> **WHAT YOU SHOULD DO**: Could you retype every line below exactly, omitting the images?

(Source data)
________________________
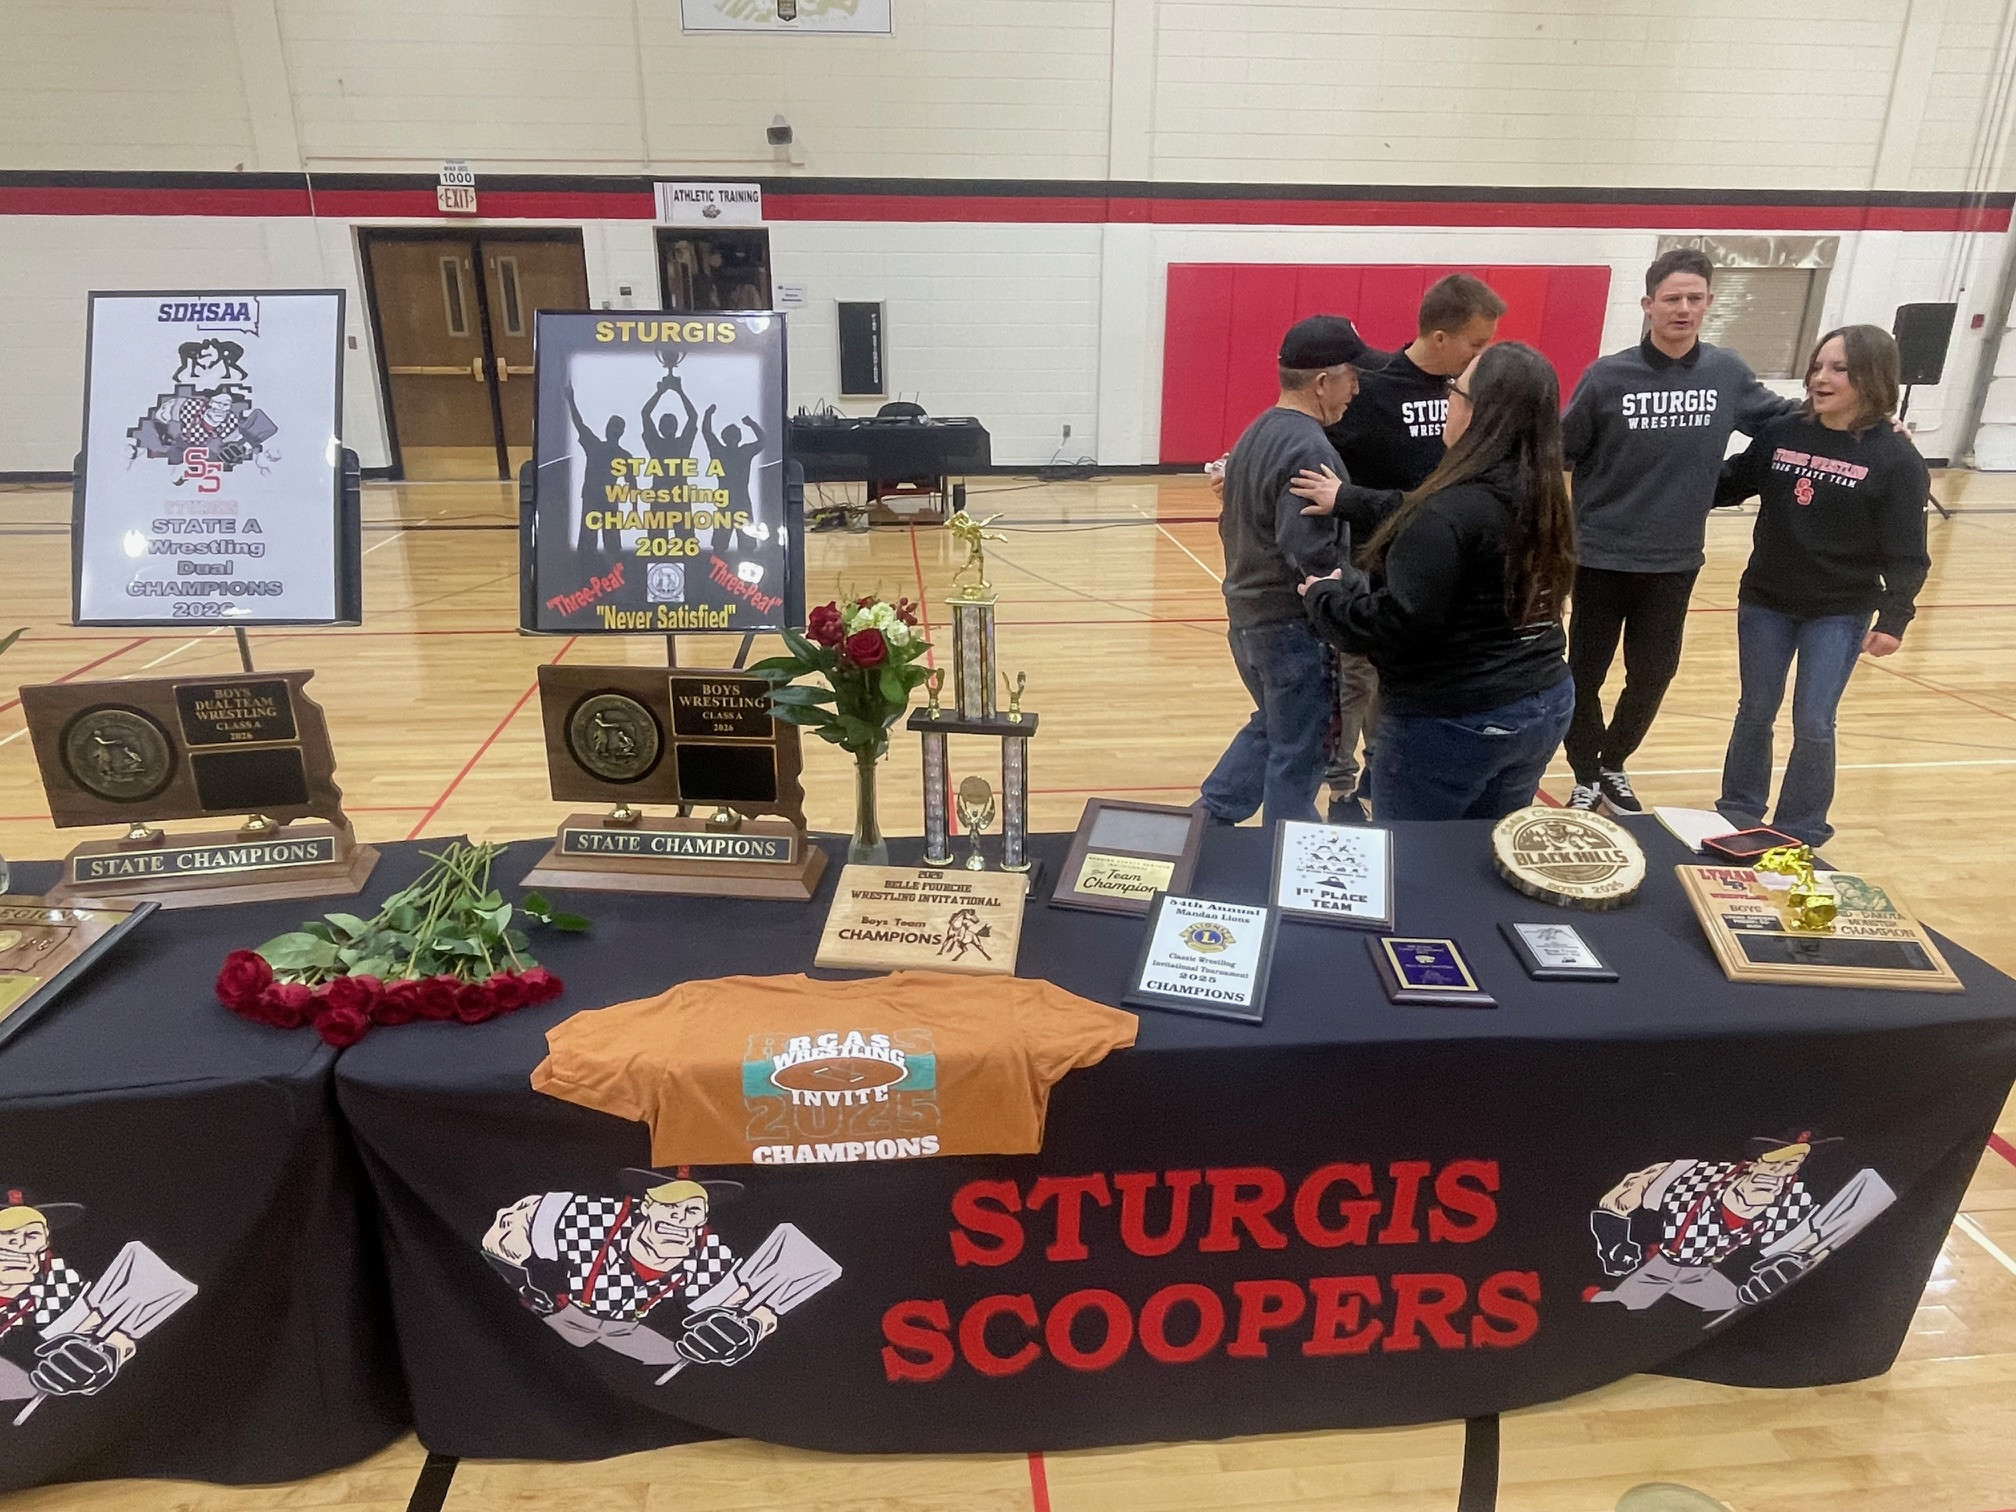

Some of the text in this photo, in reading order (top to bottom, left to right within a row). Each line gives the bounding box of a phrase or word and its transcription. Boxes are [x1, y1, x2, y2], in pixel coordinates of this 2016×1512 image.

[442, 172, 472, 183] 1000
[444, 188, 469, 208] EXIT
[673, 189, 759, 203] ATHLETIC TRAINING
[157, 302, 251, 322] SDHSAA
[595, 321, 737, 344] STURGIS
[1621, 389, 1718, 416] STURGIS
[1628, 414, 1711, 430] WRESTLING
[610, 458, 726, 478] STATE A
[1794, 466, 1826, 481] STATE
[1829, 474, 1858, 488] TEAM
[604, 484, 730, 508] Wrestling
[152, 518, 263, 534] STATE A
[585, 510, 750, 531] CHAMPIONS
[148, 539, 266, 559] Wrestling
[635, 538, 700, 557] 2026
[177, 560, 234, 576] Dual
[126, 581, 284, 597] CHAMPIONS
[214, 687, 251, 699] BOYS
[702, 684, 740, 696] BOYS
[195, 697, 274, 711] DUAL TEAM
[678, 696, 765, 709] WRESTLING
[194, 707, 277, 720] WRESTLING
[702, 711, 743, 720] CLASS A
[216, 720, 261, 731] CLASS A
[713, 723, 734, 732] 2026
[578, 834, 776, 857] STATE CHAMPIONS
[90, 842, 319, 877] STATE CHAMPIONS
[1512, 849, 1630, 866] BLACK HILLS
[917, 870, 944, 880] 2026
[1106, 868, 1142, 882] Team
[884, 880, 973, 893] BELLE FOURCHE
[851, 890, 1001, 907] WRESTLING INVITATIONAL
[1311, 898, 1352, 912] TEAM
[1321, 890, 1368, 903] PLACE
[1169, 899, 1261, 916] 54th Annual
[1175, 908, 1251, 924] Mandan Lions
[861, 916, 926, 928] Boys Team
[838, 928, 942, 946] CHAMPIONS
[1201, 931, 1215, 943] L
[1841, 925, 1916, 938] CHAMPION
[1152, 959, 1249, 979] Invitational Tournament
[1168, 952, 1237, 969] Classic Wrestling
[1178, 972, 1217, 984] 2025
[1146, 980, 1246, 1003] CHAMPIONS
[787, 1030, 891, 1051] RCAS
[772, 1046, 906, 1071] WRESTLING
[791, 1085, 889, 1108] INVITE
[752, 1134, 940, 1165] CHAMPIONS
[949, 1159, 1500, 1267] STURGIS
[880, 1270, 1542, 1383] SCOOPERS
________________________
> **RESULT**:
Some of the text in this photo, in reading order (top to bottom, left to right within a row). Each line gives the bounding box of a phrase or word and its transcription. Boxes are [x1, y1, x2, y2], in pixel coordinates of this 2016×1512 image.

[442, 172, 472, 183] 1000
[444, 188, 469, 208] EXIT
[673, 189, 759, 203] ATHLETIC TRAINING
[157, 302, 251, 322] SDHSAA
[595, 321, 737, 344] STURGIS
[1621, 389, 1718, 416] STURGIS
[1628, 414, 1711, 430] WRESTLING
[610, 458, 726, 478] STATE A
[1794, 466, 1826, 481] STATE
[1829, 474, 1858, 488] TEAM
[604, 484, 730, 508] Wrestling
[152, 518, 263, 534] STATE A
[585, 510, 750, 531] CHAMPIONS
[148, 539, 266, 559] Wrestling
[635, 538, 700, 557] 2026
[177, 560, 234, 576] Dual
[126, 581, 284, 597] CHAMPIONS
[214, 687, 251, 699] BOYS
[702, 684, 740, 696] BOYS
[195, 697, 274, 711] DUAL TEAM
[678, 696, 765, 709] WRESTLING
[194, 707, 277, 720] WRESTLING
[702, 711, 743, 720] CLASS A
[216, 720, 261, 731] CLASS A
[713, 723, 734, 732] 2026
[578, 834, 776, 857] STATE CHAMPIONS
[90, 842, 319, 877] STATE CHAMPIONS
[1512, 849, 1630, 866] BLACK HILLS
[917, 870, 944, 880] 2026
[1106, 868, 1142, 882] Team
[884, 880, 973, 893] BELLE FOURCHE
[851, 890, 1001, 907] WRESTLING INVITATIONAL
[1311, 898, 1352, 912] TEAM
[1321, 890, 1368, 903] PLACE
[1169, 899, 1261, 916] 54th Annual
[1175, 908, 1251, 924] Mandan Lions
[861, 916, 926, 928] Boys Team
[838, 928, 942, 946] CHAMPIONS
[1201, 931, 1215, 943] L
[1841, 925, 1916, 938] CHAMPION
[1152, 959, 1249, 979] Invitational Tournament
[1168, 952, 1237, 969] Classic Wrestling
[1178, 972, 1217, 984] 2025
[1146, 980, 1246, 1003] CHAMPIONS
[787, 1030, 891, 1051] RCAS
[772, 1046, 906, 1071] WRESTLING
[791, 1085, 889, 1108] INVITE
[752, 1134, 940, 1165] CHAMPIONS
[949, 1159, 1500, 1267] STURGIS
[880, 1270, 1542, 1383] SCOOPERS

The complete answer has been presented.